You could try to convince them that they are wrong in their desire to make corporations care about more than money but you cannot blame them for saying something that fully agrees with free market orthodoxy.
> the same arguments hold about management and investors... reducing domestic employment in manufacturing without regard to employees and communities. > If AI reduces white collar jobs, how can that be bad when automation reducing blue collar jobs is good?
First, automaton wasn't the reason for the reduction of US manufacturing, outsourcing was. Wall Street used every leverage to push manufacturing and engineering abroad and that included outsourcing software work. At that time, both workers and engineers criticized the process, so you're factually wrong about that, twice.
Second, their criticism was right because... oh look, we have to bring it all back now, at a great expense paid for... by those same workers and engineers. Because after the big corporations got rich in China they want to come back here and own absolutely everything, including the government and continue the process of disfranchisement of the public by using AI not for higher output but as a cost and workforce reduction tool.

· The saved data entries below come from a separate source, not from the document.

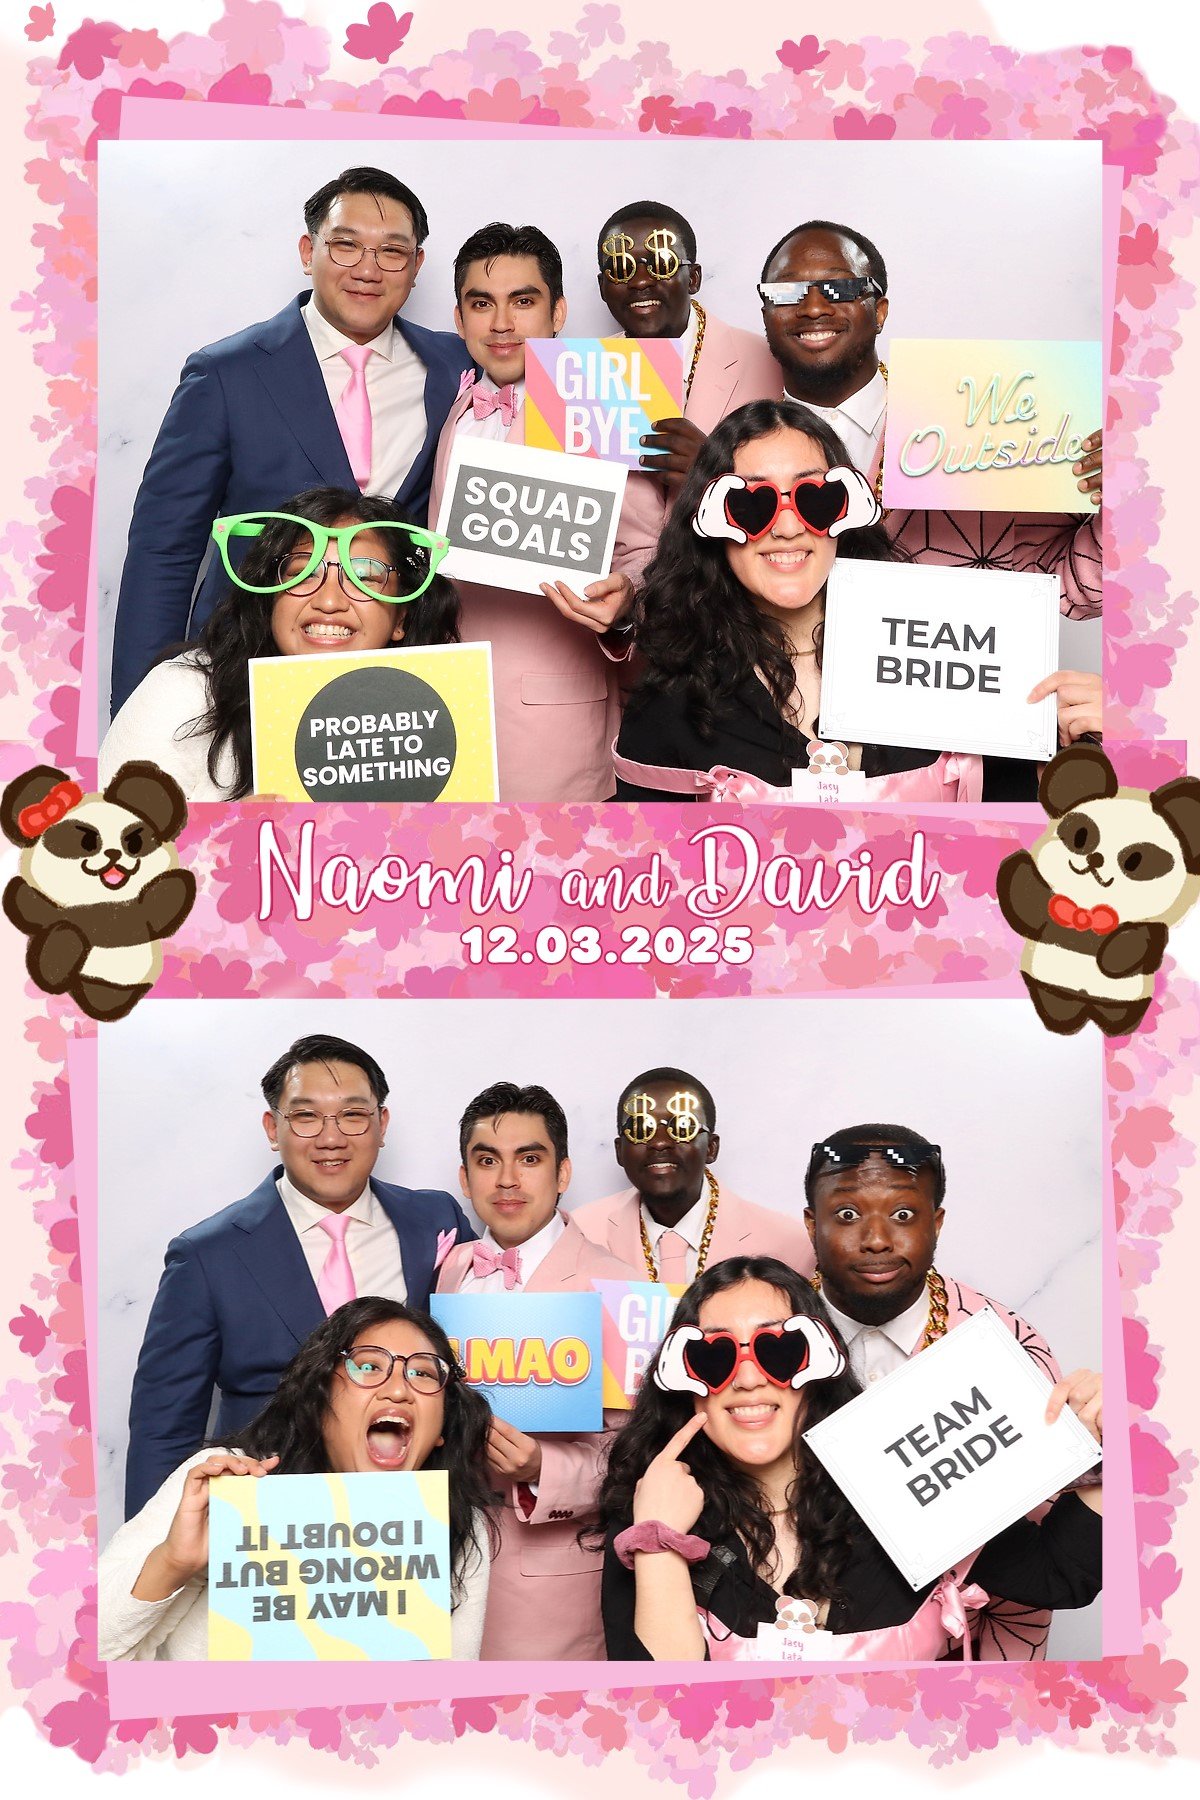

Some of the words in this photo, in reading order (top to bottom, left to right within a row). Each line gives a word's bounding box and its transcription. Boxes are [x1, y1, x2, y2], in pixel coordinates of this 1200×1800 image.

[555, 350, 651, 401] GIRL
[957, 369, 1038, 427] We
[564, 405, 641, 455] BYE
[899, 412, 1084, 478] Outside
[464, 476, 602, 526] SQUAD
[461, 513, 592, 562] GOALS
[882, 617, 997, 655] TEAM
[875, 655, 1002, 695] BRIDE
[310, 709, 439, 738] PROBABLY
[326, 738, 384, 761] LATE
[389, 734, 423, 755] TO
[303, 757, 451, 787] SOMETHING
[619, 1293, 681, 1343] GI
[883, 1386, 992, 1468] TEAM
[906, 1414, 1023, 1507] BRIDE
[235, 1525, 269, 1552] IT
[280, 1520, 404, 1550] DOUBT
[413, 1519, 423, 1545] I
[215, 1560, 288, 1589] BUT
[299, 1554, 441, 1585] WRONG
[252, 1595, 296, 1622] BE
[307, 1590, 388, 1619] MAY
[397, 1589, 407, 1615] I
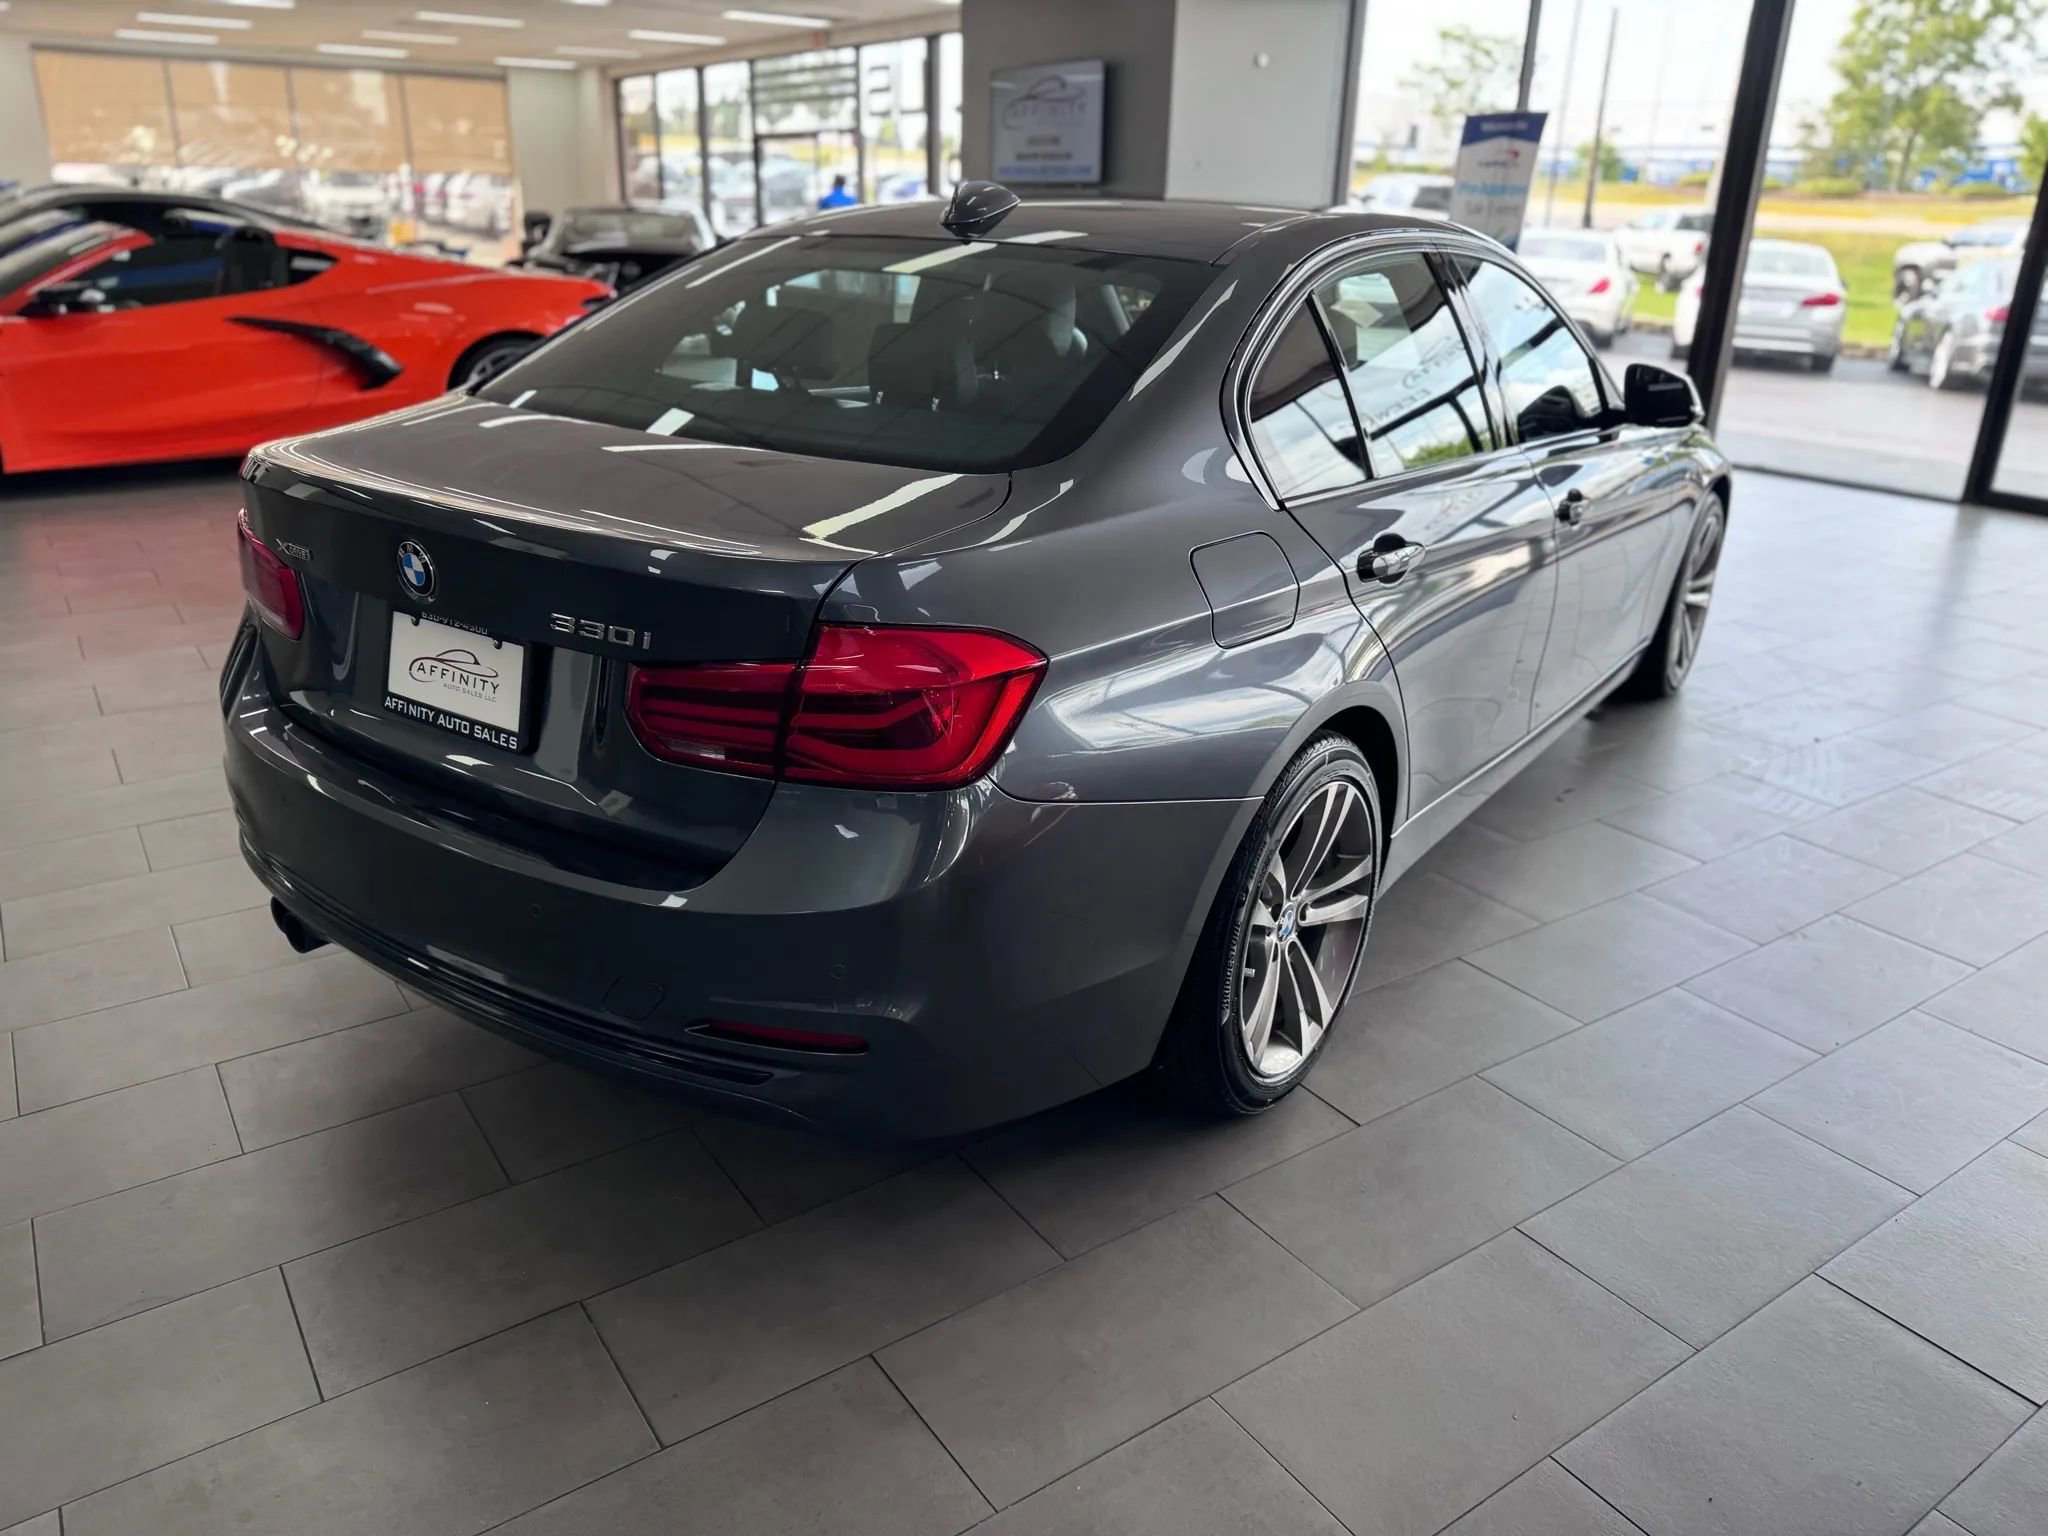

> It's like suddenly engineers embrace Marxism.
This topic has nothing to do with Marxism, which you appear to be using as a smear word, purely mechanically, without any understanding. Marxism has bigger problems but let's not get sidetracked here.
Exactly! They also have been letting the results of google search get seriously degraded by ads. Would many people prefer AI over google search circa 2010?
They killed their competition and now they will give you the product that gives them the most money.
What about when the llm is smarter than the person? Sometimes I get material that is so bad I wish they had had AI do it. Then it would be poor to mediocre.
There was an episode of the podcast “Question Everything “ where they talked about how LLM s can sometimes talk people out of conspiracy theories by patiently refuting the arguments with facts. There have been academic studies on this.
I think people hate AI because it is often mediocre and flawed but sometimes it’s replacing humans that are inept.
I thought it was pretty well-established that conspiracists aren't deterred with facts, and that their commitments to the conspiracy theory are essentially emotional and/or in-group identitarian?
You should definitely listen to this podcast which is an interview with a Professor of Psychology at Columbia. He also thought what you thought-- that you can't convince a Q-Anon type-- and they were actually testing something else. When they found out that 25% of people who believed conspiracy theories actually changed their mind after three exchanges with an LLM.
They repeated the test and the results were replicable. (But still only about 25%, but that is something.)
This made me think: I grew up in a world where there was a flawed but consensus view of the world, its problems, institutions motivations. This came from a common mass media. Maybe getting our answers from AI will lead us to a new (inevitably flawed or even bad) consensus. Weird.
Very interesting. Thank you for that, and I say so with due recognition that my response wasn't really aimed at the central idea of your comment. Thank you for humouring it anyway!